April 26, 2017

Heal Thyself: The Yogic Principle of Nonstealing.


A beautiful artist and yoga teacher traveled from San Francisco to guest speak at our yoga teacher training earlier this year.

She delved into the yamas and niyamas, yoga’s ethical and moral guidelines. These guidelines serve as a map of sorts, advising each us how to act in the world and within ourselves.

As a group, we discussed each ethical observation and restraint and how each plays a role in our daily lives. It was when asteya came up, that I was humbled. Asteya is one of the yamas, translating roughly to “non-stealing” from Sanskrit.

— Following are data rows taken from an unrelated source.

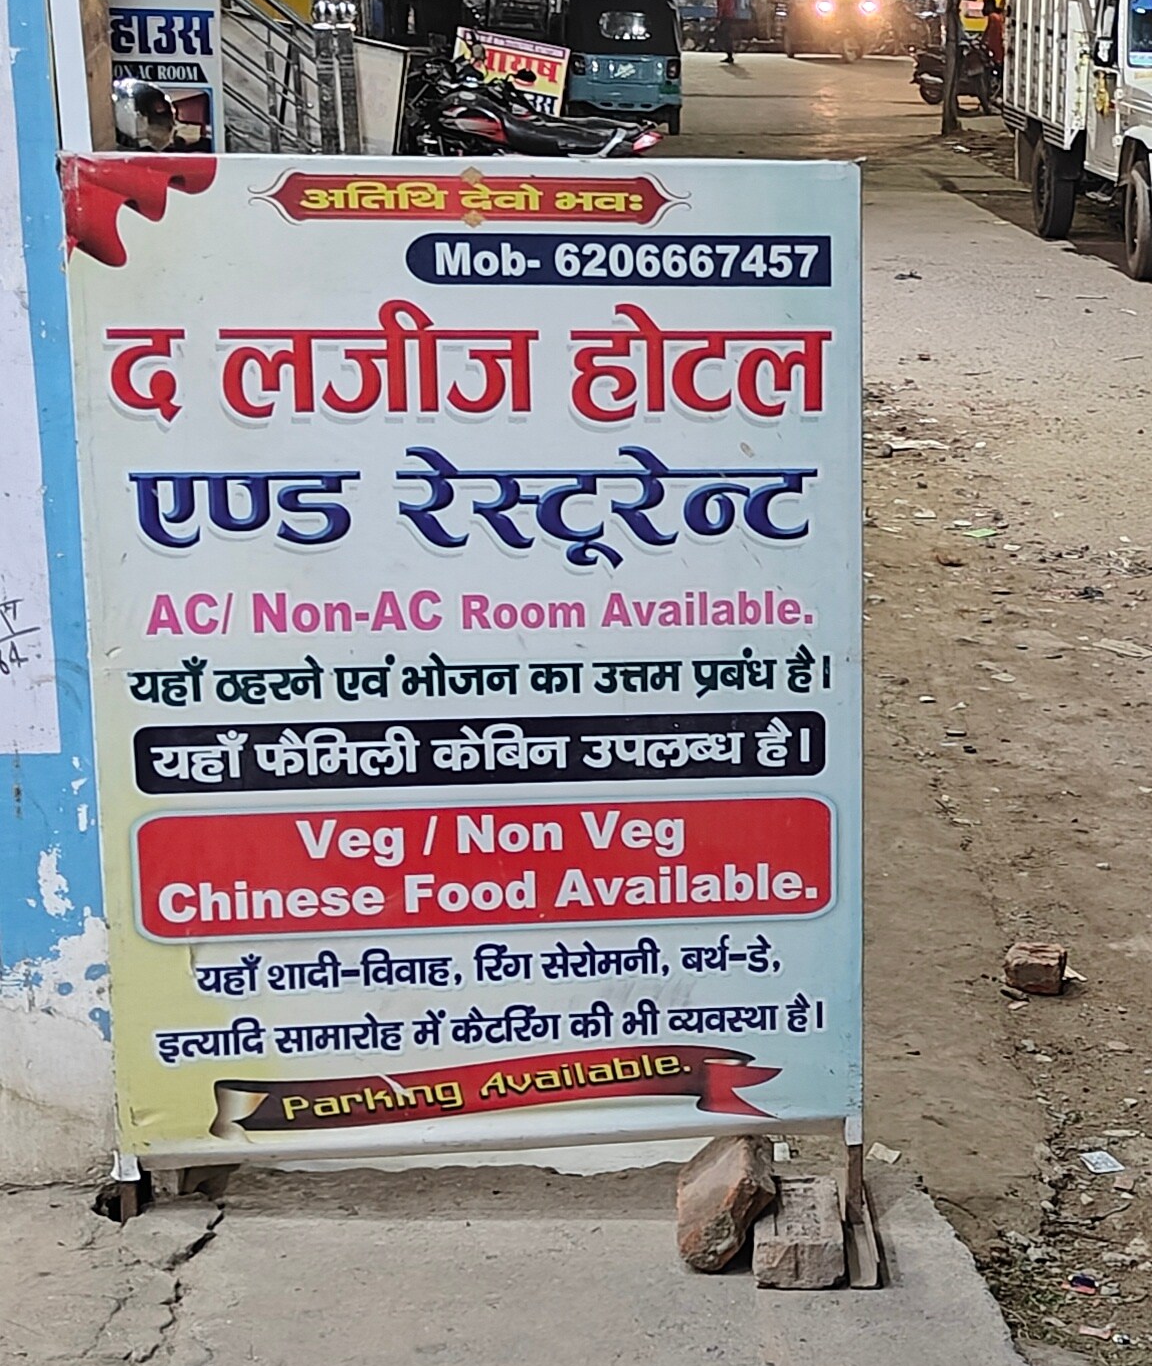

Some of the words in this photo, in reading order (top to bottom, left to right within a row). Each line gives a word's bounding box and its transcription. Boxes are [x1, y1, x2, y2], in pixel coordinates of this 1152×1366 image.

[109, 8, 214, 56] हाउस
[157, 66, 199, 81] ROOM
[299, 181, 446, 212] अतिथि
[458, 183, 542, 213] देवो
[553, 189, 644, 213] भवः
[435, 242, 541, 277] Mob-
[554, 244, 818, 278] 6206667457
[105, 328, 185, 419] द
[219, 299, 539, 417] लजीज
[570, 304, 833, 422] होटल
[129, 470, 360, 548] एण्ड
[397, 446, 818, 567] रेस्टूरेन्ट
[146, 593, 231, 637] AC/
[253, 590, 442, 633] Non-AC
[461, 593, 586, 630] Room
[601, 591, 814, 628] Available.
[129, 660, 204, 706] यहाँ
[213, 656, 325, 702] ठहरने
[335, 655, 392, 700] एवं
[402, 656, 518, 699] भोजन
[531, 660, 583, 695] का
[594, 660, 681, 694] उत्तम
[693, 648, 776, 695] प्रबंध
[151, 732, 246, 782] यहाँ
[257, 728, 420, 780] फैमिली
[432, 723, 568, 773] केबिन
[582, 728, 744, 768] उपलब्ध
[296, 820, 405, 866] Veg
[458, 813, 564, 853] Non
[580, 811, 685, 854] Veg
[157, 881, 385, 923] Chinese
[405, 874, 537, 915] Food
[554, 867, 818, 908] Available.
[197, 955, 260, 996] यहाँ
[475, 948, 532, 983] रिंग
[156, 1020, 265, 1064] इत्यादि
[273, 1016, 403, 1056] सामारोह
[413, 1010, 446, 1049] में
[451, 1005, 561, 1047] कैटरिंग
[570, 1002, 613, 1040] की
[622, 999, 660, 1036] भी
[668, 1005, 778, 1036] व्यवस्था
[283, 1082, 463, 1120] Parking
[480, 1054, 693, 1101] Available.

At first glance, this restraint seemed boring and irrelevant to my personal practice. This particular restraint is not something I ever thought I needed to keep in check. For me, it’s one of those no-brainers like, “Thou shalt not kill.” The obvious thought that comes to mind when most of us think of asteya is to take another’s property without permission or right, and without intending to return it. We are all familiar with the many obvious examples of stealing.

It was when our teacher suggested, “What about stealing someone’s work?,” that I stopped dead in my tracks and began to feel tears well up in my eyes. We all stared at her blankly for a moment. She did not mean other’s work as in thoughts, ideas, and powerpoint presentations. She meant their work.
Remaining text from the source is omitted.